(auto-office)=
# The Automated Office

In this chapter, we'll look at a range of ways to automate processes and tasks you might need to undertake in an office context.

Let's import a few of the packages we'll need first. You may need to install some of these; the Chapter on {ref}`code-preliminaries` covers how to install new packages.

In [None]:
import numpy as np
import pandas as pd
from rich import inspect
import matplotlib.pyplot as plt
import matplotlib as mpl
import warnings

# Plot settings
plt.style.use(
    "https://github.com/aeturrell/coding-for-economists/raw/main/plot_style.txt"
)
mpl.rcParams.update({"lines.linewidth": 1.2})

# Pandas: Set max rows displayed for readability
pd.set_option("display.max_rows", 8)

# Set seed for random numbers
seed_for_prng = 78557
prng = np.random.default_rng(seed_for_prng)  # prng=probabilistic random number generator
# Turn off warnings
warnings.filterwarnings('ignore')

## Files

Python is sometimes thought of as a 'glue' language because it can glue together lots of different functionalities (including calling other languages). The ins and outs of your operating system are no different.
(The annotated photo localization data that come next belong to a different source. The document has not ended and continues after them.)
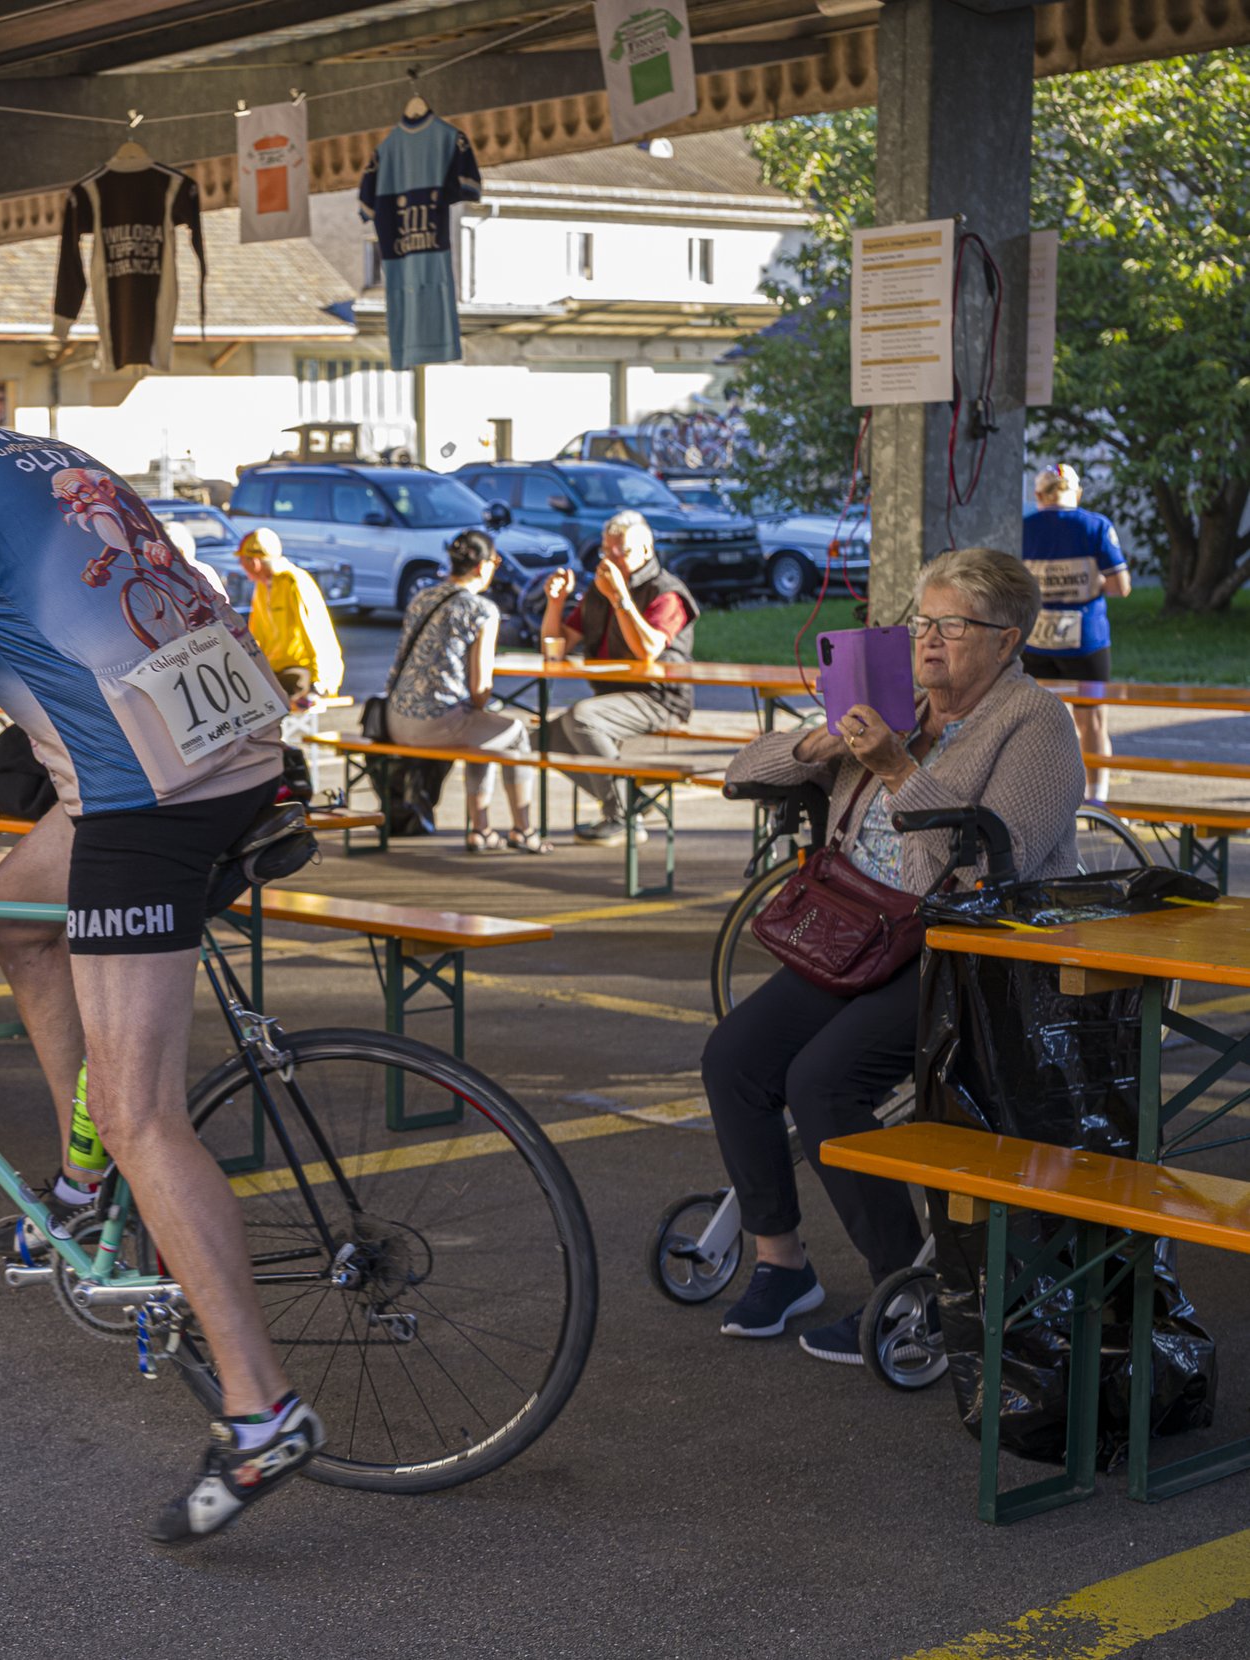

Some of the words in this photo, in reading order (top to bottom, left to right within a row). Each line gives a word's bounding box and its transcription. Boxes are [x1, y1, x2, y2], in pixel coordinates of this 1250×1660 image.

[15, 449, 70, 473] OLD
[150, 647, 191, 673] Chläggi
[187, 635, 221, 657] Classic
[172, 651, 251, 732] 106
[66, 903, 175, 939] BIANCHI
The single most important module for manipulating files in Python is `os`, which interacts with your operating system and is built-in to Python (so no need for a separate install). Let's start by getting the current working directory (`getcwd()`) for the kernel (this will be whatever computer the code is being run on).

In [None]:
import os

os.getcwd()

`os` can be used to create files and directories, for example `os.mkdir()` creates a new directory (but throws an error if it already exists). There are also commands to remove files, which should of course be used with care!

One particularly useful `os` method is `stat(path).st_size`, which returns the size of the file from a given path. To get a bit meta, we can use it to query the size of the page you're currently reading.

In [None]:
# Size in bytes
print(f"The current page is {os.stat('auto-office.ipynb').st_size/1e3} kilobytes.")

Another command you should be aware of is `os.chdir(path)` which, when used, changes the working path of your code.

`shutil` is another handy file-manipulation module built-in to Python. It has `copyfile` and `move` functions, which do exactly what you'd expect.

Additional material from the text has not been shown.